** Excerpted records follows **
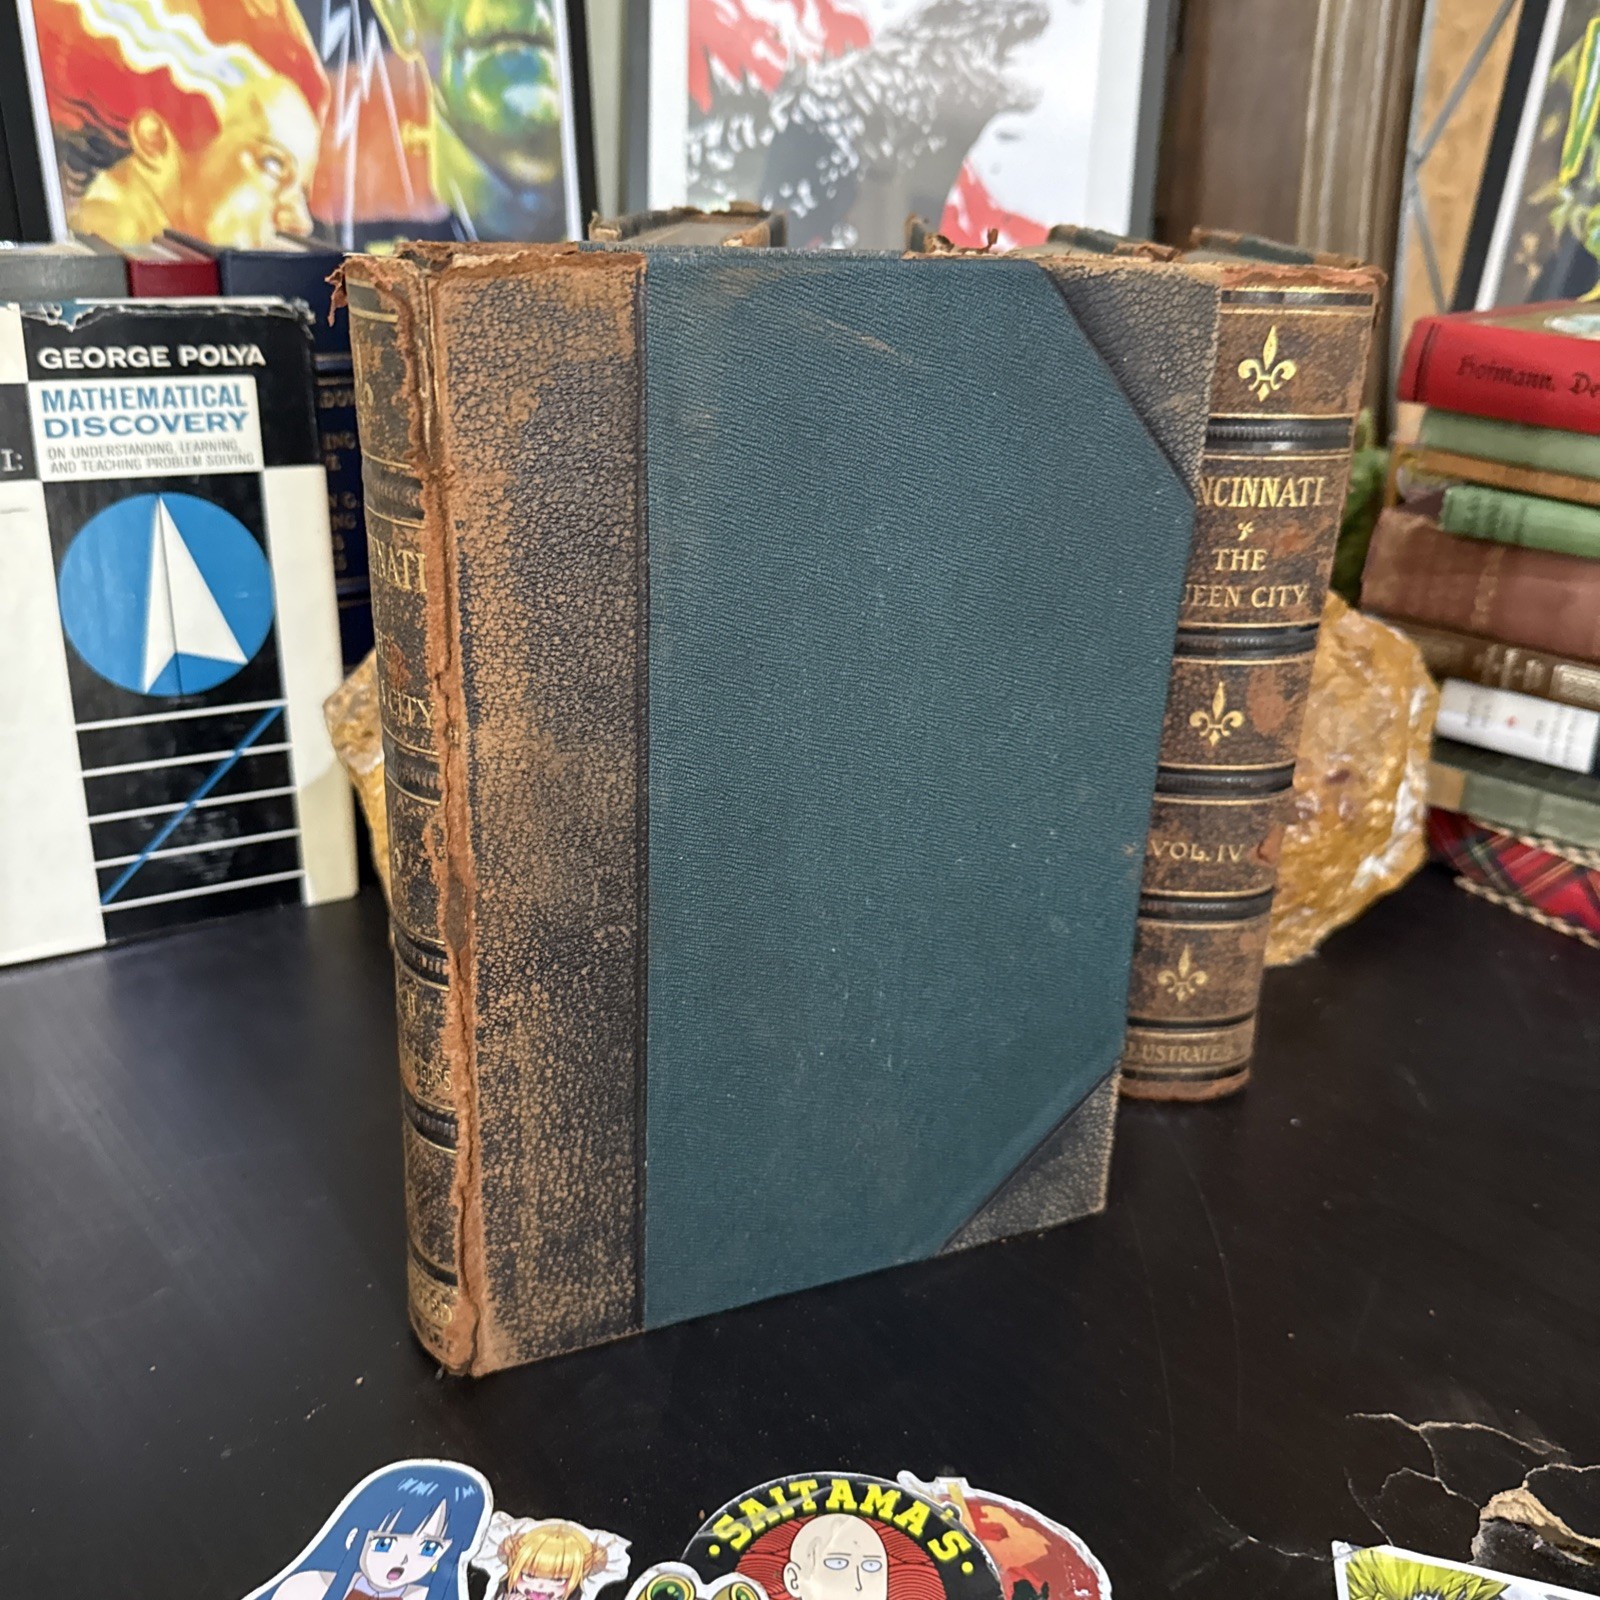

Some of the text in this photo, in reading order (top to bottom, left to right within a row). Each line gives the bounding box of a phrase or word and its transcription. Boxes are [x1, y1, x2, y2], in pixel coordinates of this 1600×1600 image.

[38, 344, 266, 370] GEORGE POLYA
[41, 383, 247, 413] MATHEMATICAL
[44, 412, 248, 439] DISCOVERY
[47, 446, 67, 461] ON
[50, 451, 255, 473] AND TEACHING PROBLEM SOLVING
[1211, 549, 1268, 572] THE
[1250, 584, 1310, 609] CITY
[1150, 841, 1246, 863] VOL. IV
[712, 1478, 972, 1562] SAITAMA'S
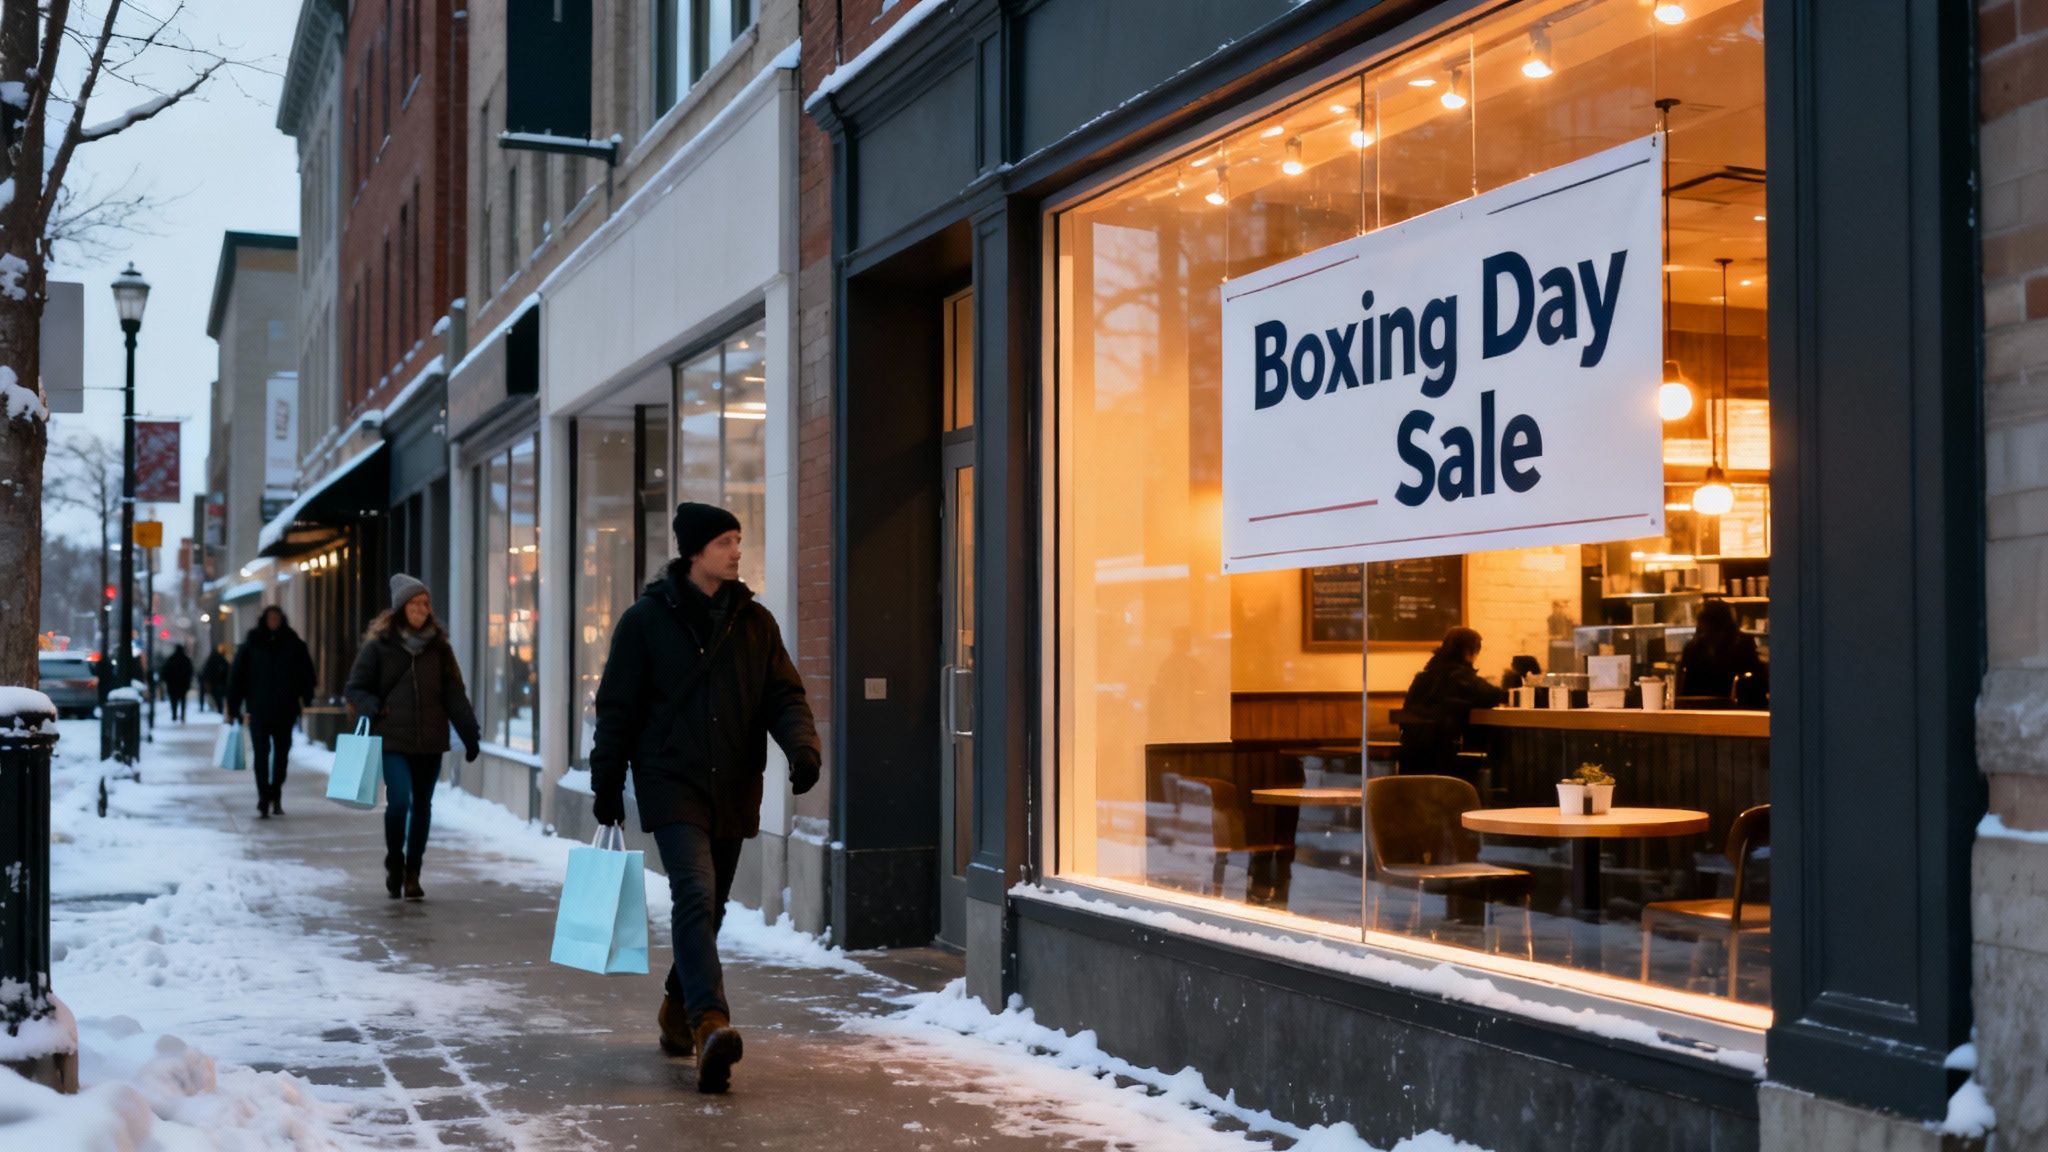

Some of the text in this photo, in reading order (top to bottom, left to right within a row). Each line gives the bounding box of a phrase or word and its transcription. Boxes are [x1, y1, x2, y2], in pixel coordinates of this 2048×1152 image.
** End of Excerpted records **
What is needed is the data above, retyped exactly, with every picture left out.

Some of the text in this photo, in reading order (top to bottom, left to right within a row). Each line gives the bounding box of a phrase or word and its transcription. Boxes are [x1, y1, x2, y2], in pixel coordinates of this 1600×1600 image.

[38, 344, 266, 370] GEORGE POLYA
[41, 383, 247, 413] MATHEMATICAL
[44, 412, 248, 439] DISCOVERY
[47, 446, 67, 461] ON
[50, 451, 255, 473] AND TEACHING PROBLEM SOLVING
[1211, 549, 1268, 572] THE
[1250, 584, 1310, 609] CITY
[1150, 841, 1246, 863] VOL. IV
[712, 1478, 972, 1562] SAITAMA'S

Some of the text in this photo, in reading order (top to bottom, left to right within a row). Each line gives the bounding box of a phrase or word and its transcription. Boxes are [x1, y1, x2, y2], in pixel coordinates of this 2048×1152 image.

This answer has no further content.